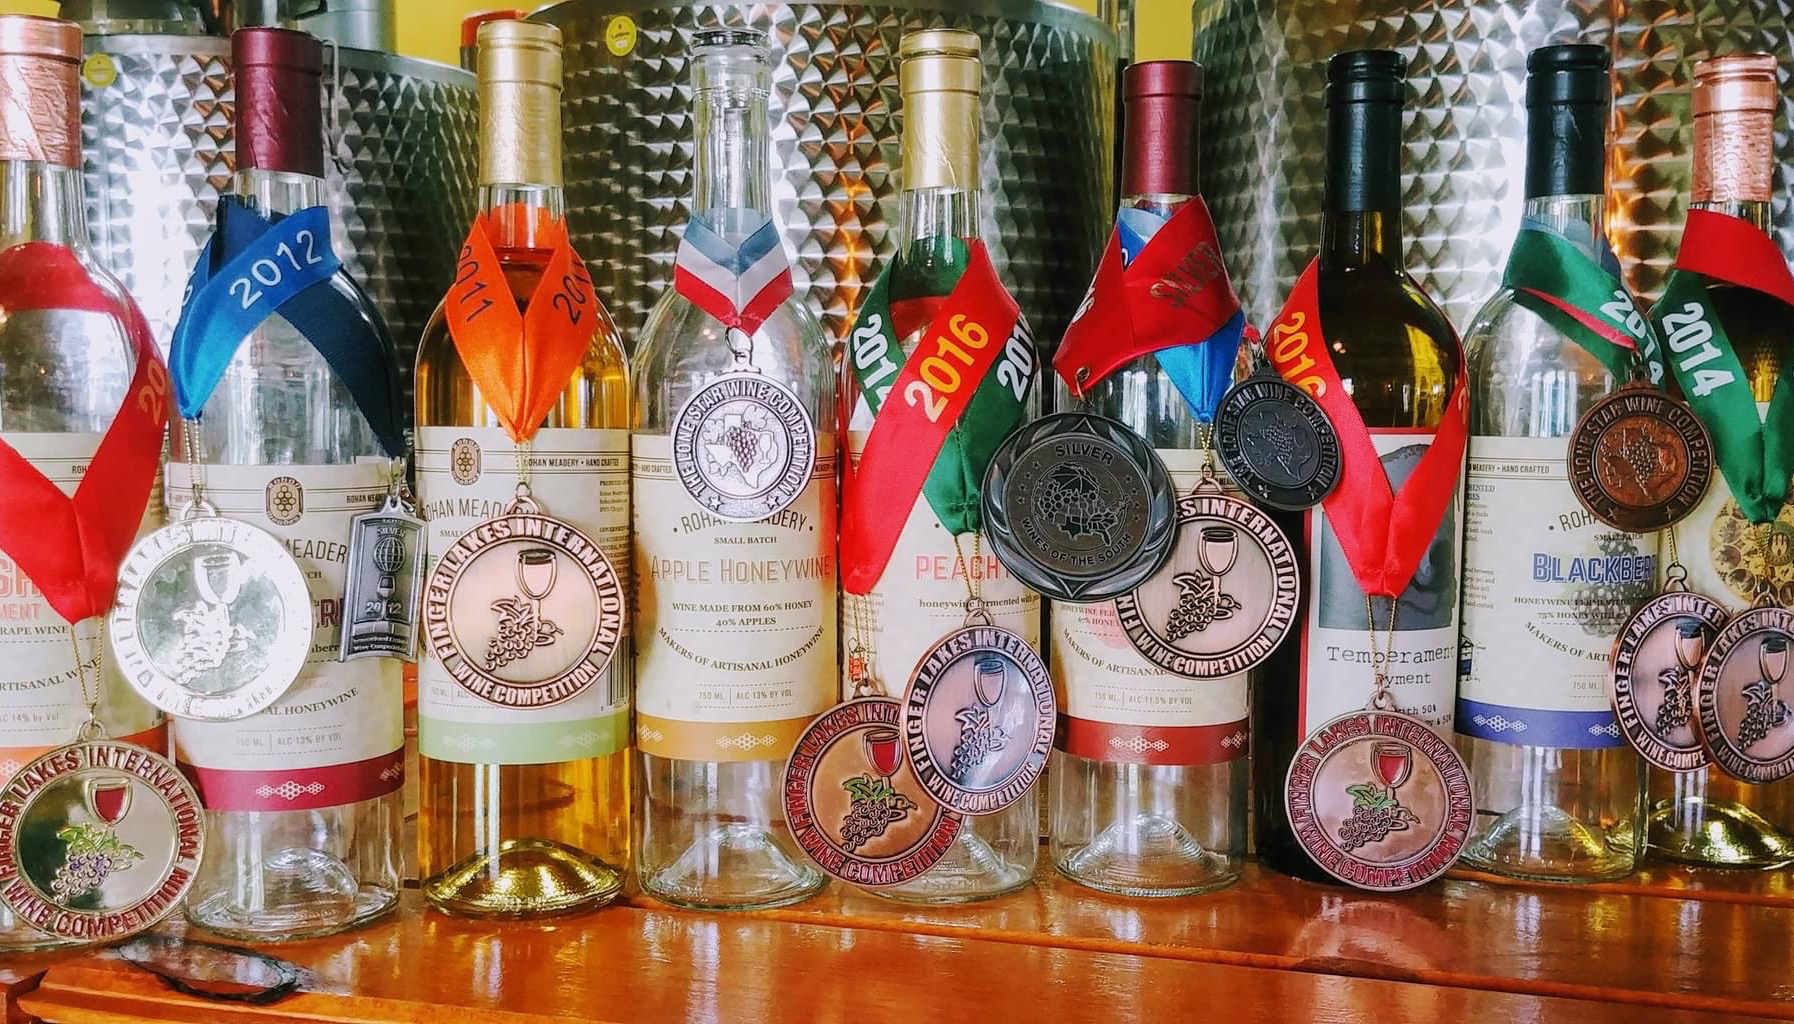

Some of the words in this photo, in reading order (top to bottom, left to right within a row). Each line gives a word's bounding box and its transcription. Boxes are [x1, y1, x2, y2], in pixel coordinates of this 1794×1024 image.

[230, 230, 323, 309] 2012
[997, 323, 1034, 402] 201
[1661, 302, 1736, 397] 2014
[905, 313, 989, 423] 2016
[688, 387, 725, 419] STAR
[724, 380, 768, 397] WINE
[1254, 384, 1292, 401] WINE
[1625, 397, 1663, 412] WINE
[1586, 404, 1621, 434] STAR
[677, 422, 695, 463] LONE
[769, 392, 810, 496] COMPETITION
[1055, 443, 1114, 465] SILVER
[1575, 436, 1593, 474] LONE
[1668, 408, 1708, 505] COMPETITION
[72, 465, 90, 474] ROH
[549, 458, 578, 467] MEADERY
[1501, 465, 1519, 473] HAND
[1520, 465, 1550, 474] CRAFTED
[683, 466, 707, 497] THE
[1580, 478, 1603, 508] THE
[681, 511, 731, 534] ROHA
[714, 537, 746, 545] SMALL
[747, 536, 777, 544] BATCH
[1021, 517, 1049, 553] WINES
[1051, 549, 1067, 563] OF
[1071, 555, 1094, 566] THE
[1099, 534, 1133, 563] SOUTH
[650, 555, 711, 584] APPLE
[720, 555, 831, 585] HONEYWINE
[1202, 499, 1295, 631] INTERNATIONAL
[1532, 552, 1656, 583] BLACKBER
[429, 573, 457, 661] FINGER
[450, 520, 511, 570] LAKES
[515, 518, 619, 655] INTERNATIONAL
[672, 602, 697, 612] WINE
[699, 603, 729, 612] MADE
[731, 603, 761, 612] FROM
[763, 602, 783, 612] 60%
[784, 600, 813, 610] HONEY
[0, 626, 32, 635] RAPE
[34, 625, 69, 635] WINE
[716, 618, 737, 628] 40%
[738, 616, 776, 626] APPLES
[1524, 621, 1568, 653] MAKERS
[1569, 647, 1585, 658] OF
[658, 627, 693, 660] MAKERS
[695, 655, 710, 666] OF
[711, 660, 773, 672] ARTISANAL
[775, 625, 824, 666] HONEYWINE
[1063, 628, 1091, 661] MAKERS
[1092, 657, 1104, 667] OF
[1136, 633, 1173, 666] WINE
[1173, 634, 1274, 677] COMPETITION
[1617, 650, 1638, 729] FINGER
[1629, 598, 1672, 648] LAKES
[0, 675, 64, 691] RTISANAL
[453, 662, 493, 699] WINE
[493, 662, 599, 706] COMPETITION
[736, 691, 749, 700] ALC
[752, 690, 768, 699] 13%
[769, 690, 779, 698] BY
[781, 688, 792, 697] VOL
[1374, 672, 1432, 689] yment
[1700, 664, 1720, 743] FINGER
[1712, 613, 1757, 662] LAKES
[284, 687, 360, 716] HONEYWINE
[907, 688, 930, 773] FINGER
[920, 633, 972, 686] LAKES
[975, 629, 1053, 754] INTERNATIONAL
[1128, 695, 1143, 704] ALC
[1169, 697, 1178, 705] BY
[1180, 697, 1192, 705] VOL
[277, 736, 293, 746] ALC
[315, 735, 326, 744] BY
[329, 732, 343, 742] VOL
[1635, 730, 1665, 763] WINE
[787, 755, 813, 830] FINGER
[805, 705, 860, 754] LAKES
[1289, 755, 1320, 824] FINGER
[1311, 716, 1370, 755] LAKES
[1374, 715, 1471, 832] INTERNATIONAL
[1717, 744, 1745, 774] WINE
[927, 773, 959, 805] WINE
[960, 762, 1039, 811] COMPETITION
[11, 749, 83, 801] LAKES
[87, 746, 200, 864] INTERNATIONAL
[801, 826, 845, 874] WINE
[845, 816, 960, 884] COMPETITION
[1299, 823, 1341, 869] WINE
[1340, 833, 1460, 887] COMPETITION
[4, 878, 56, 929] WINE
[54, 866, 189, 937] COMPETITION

- Goal of the exercise
All lines in the records that contain "LONE" are to be copied and returned.

- Expected answer
[677, 422, 695, 463] LONE
[1575, 436, 1593, 474] LONE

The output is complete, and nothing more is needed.